Si è venuta consolidando la consapevolezza della necessità
di modificare – attraverso riforme che intervenissero in maniera
radicale sulle funzioni, sulle strutture, sui procedimenti – il nesso
tra Stato e cittadini.
Il nuovo volto dei poteri pubblici, insomma, avrebbe dovuto
essere il risultato di una complessiva, profonda riforma del
sistema amministrativo in grado di cominciare a colmare la
distanza tra apparati pubblici e collettività.
5
Faccioli, La comunicazione pubblica, luci e ombre di un’innovazione pp.16-32
20
2.2 Politiche di riforme e problema della comunicazione
Nelle dinamiche del sistema democratico i poteri pubblici si
sono trovati sempre più a dover spiegare tanto se stessi quanto i
propri comportamenti.
Da un lato, quindi, chi erano e cosa facevano, dall’altro
perché adottavano determinate decisioni. Hanno contribuito a
determinare tale trasformazione sia la pressione sociale, sia la
necessità delle amministrazioni di recuperare credibilità ed
affidabilità.
Il primo dei due elementi in gioco fa direttamente riferimento
al principio democratico che deve presiedere all’azione dei poteri
pubblici. Il secondo rinvia, invece, ad un principio di mercato,
poiché riguarda più direttamente la percezione della collettività sul
livello qualitativo dei servizi erogati dalle pubbliche
amministrazioni.
I processi di riforma del sistema amministrativo hanno
perseguito, nell’ultimo decennio, l’obiettivo di far arretrare le
amministrazioni pubbliche dalla gestione dei servizi, per
valorizzarne, in cambio, il ruolo di regolatori di attività svolte da
soggetti terzi (in prevalenza privati anche se con presenza
pubblica più o meno marcata). Ad un’attività regolatrice di tipo
tradizionale – contrassegnata dalla sintesi imporre/vietare – si è
andata affiancando, in misura sempre più larga, un’azione
regolatrice che presuppone la partecipazione dei privati e dei
singoli cittadini.
21
Se il maggiore o minore livello di partecipazione determina
modi qualitativamente differenti di interazione tra cittadini e
amministrazioni pubbliche, un fenomeno analogo si verifica in
presenza di un diverso grado di informazione.
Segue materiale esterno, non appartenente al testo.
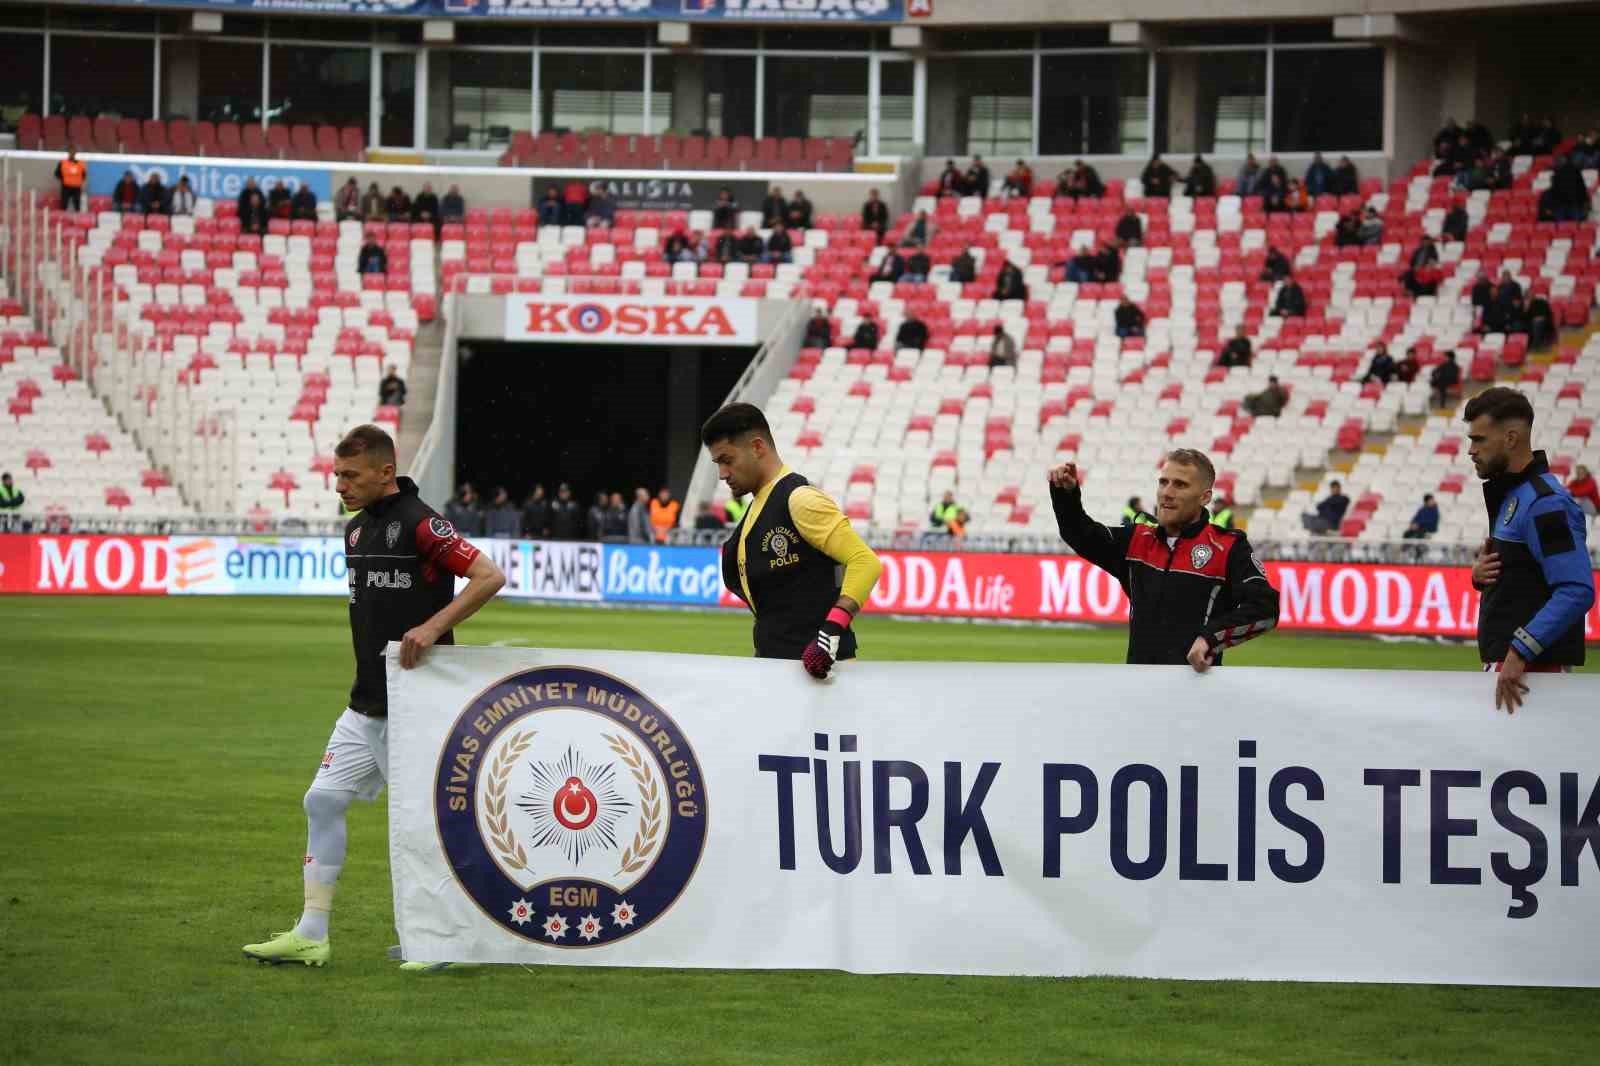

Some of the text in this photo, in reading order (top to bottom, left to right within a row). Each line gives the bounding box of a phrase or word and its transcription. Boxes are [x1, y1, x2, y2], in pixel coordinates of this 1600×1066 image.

Ciò è vero in due sensi. Un’informazione più chiara ed
esauriente determina, di per sé, una maggiore democraticità
dell’azione dei pubblici poteri. Nel contempo, la stessa pressione
sociale induce comportamenti più trasparenti dei poteri pubblici. Il
fenomeno può avere esiti svariati: o una diretta azione di
comunicazione ai cittadini, o la fissazione di regole più incisive
riguardo ai criteri di informazione.
Migliorare il rapporto con i cittadini attraverso adeguate
azioni di comunicazione è un’esigenza specifica dell’attuale
evoluzione del sistema pubblico. La comunicazione è funzionale
ai processi di riforma delle amministrazioni pubbliche: senza di
essa, infatti, non si promuove effettivo accesso alle istituzioni e
non si assicura l’efficacia dei provvedimenti di modernizzazione.
L’esigenza della comunicazione tra istituzioni e cittadini
emerge sia in relazione alle informazioni possedute e/o utilizzate
dai poteri pubblici, sia in rapporto all’obbligo di favorire la
partecipazione dei cittadini (consentendo un reale accesso ai
documenti amministrativi e fornendo loro informazioni sui servizi
di pubblica utilità).
Le trasformazioni nei rapporti tra Stato e cittadini hanno
inciso in modo significativo sulle caratteristiche della
comunicazione pubblica.
Da un modello basato sulla informazione unidirezionale (di
tipo obbligatorio) si è passati ad un processo bidirezionale.
22
La comunicazione da parte delle istituzioni pubbliche si
qualifica, di conseguenza, in comunicazione di servizio (come
parte del servizio stesso) o di cittadinanza (se diretta al
coinvolgimento dei cittadini nella soluzione di un problema di
interesse generale).
La comunicazione si presenta come un potente strumento
di cambiamento dell’amministrazione e, nel contempo, come un
fattore centrale per rendere operanti i diritti di cittadinanza.
Strumento, in sintesi, per un nuovo patto tra Stato e cittadini.